Recent advances in molecular biology and medicine have provided us with a previously unavailable opportunity to study large amounts of genetic data from various organisms. Sequences of microbial pathogens are subject to a particular interest because the analysis of this data can help achieve a twofold goal. First, insights gained from such analysis help us mitigate the impact of the rapidly evolving pathogens on people’s health. Second, microbial pathogens evolve at rates much higher than those typical for mammals, which allows us to observe evolution in real time and better understand the evolutionary processes in general. My dissertation contributes to the understanding of the role of natural selection in the evolution of rapidly evolving pathogens, in particular of the influenza A virus.

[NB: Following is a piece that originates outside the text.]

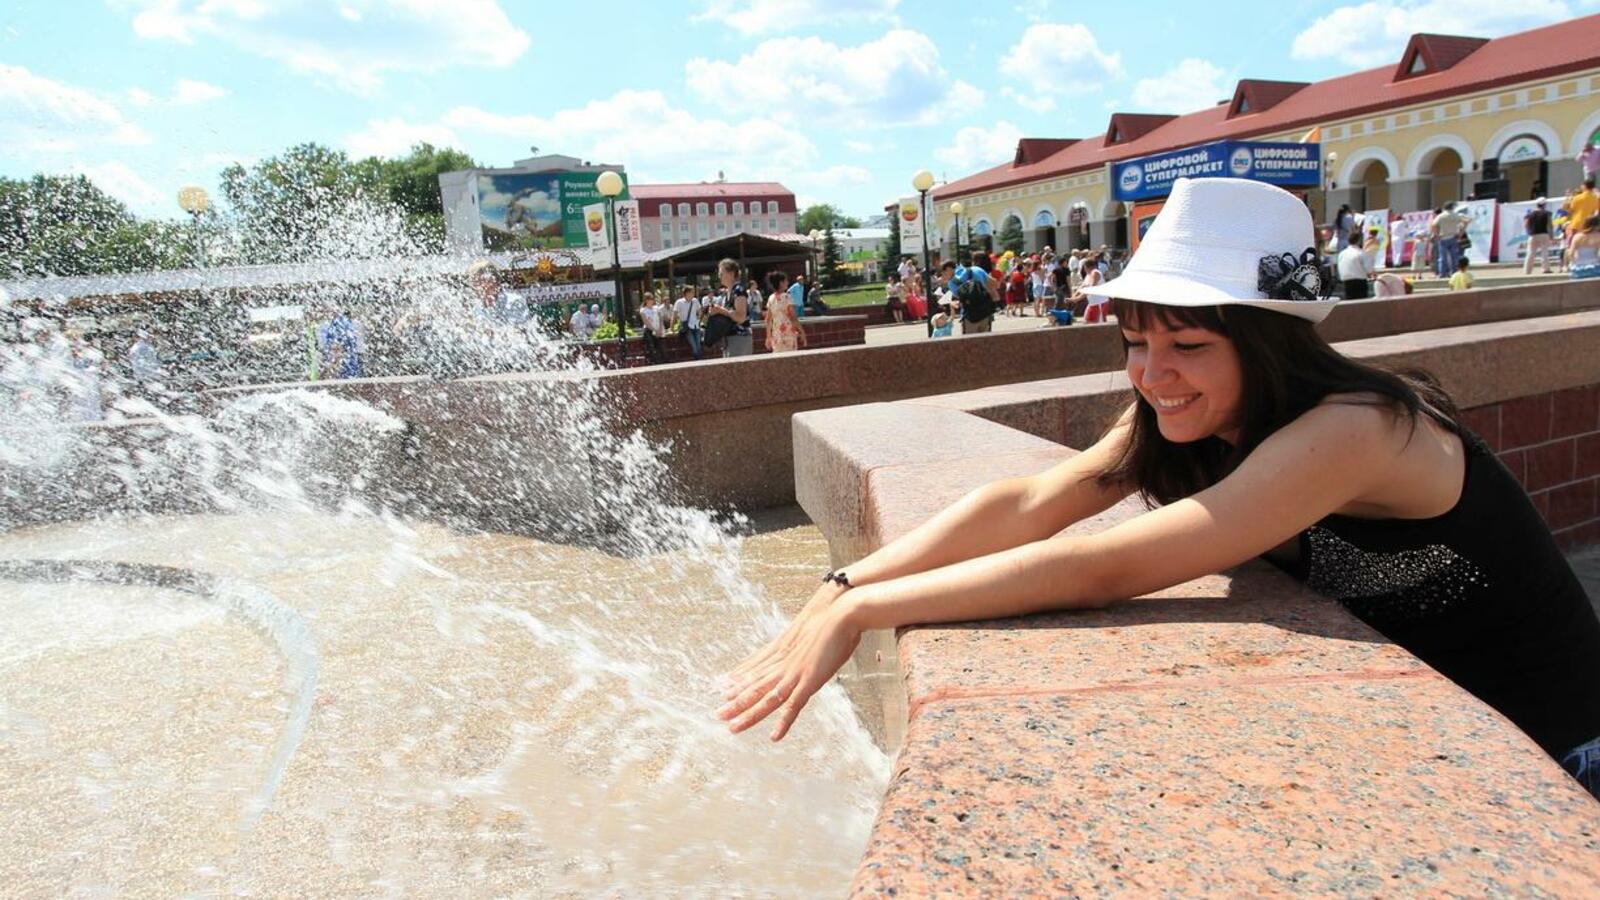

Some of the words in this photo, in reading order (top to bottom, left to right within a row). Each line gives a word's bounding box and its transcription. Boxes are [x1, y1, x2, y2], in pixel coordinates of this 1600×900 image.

In Chapter 2 I develop a statistical framework for studying the fitness landscape of an organism based on genetic sequence data. The analysis of the influenza A hemagglutinin sequences reveals that positive selection occurs with a strong preference with regard to the target amino acid.

In Chapter 3 I analyze the substitution processes that lead to the formation of amino acid clusters. I show that sequence cluster patterns strongly depend on the underlying phylogenetic relationship and are practically independent of the details of the substitution process.

In Chapter 4 I investigate the validity of the assumption of neutrality of synonymous substitutions in the influenza A genome. Using the fact that the topology of phylogenetic tree has information about selection pressures acting on the organism, I show that the synonymous nucleotide composition of influenza A has been changing in a way that cannot be explained without invoking natural selection.

In Chapter 5 I develop a theoretical framework for modeling epidemiology and evolution of multi-strain pathogens. The suggested approach allows us to construct tractable multi-strain pathogen models under a wide variety of assumptions. Using this approach, I suggest a simple mechanism of how frequency-dependent selection shapes the evolution of a virus with two epitopes that elicit independent immune responses.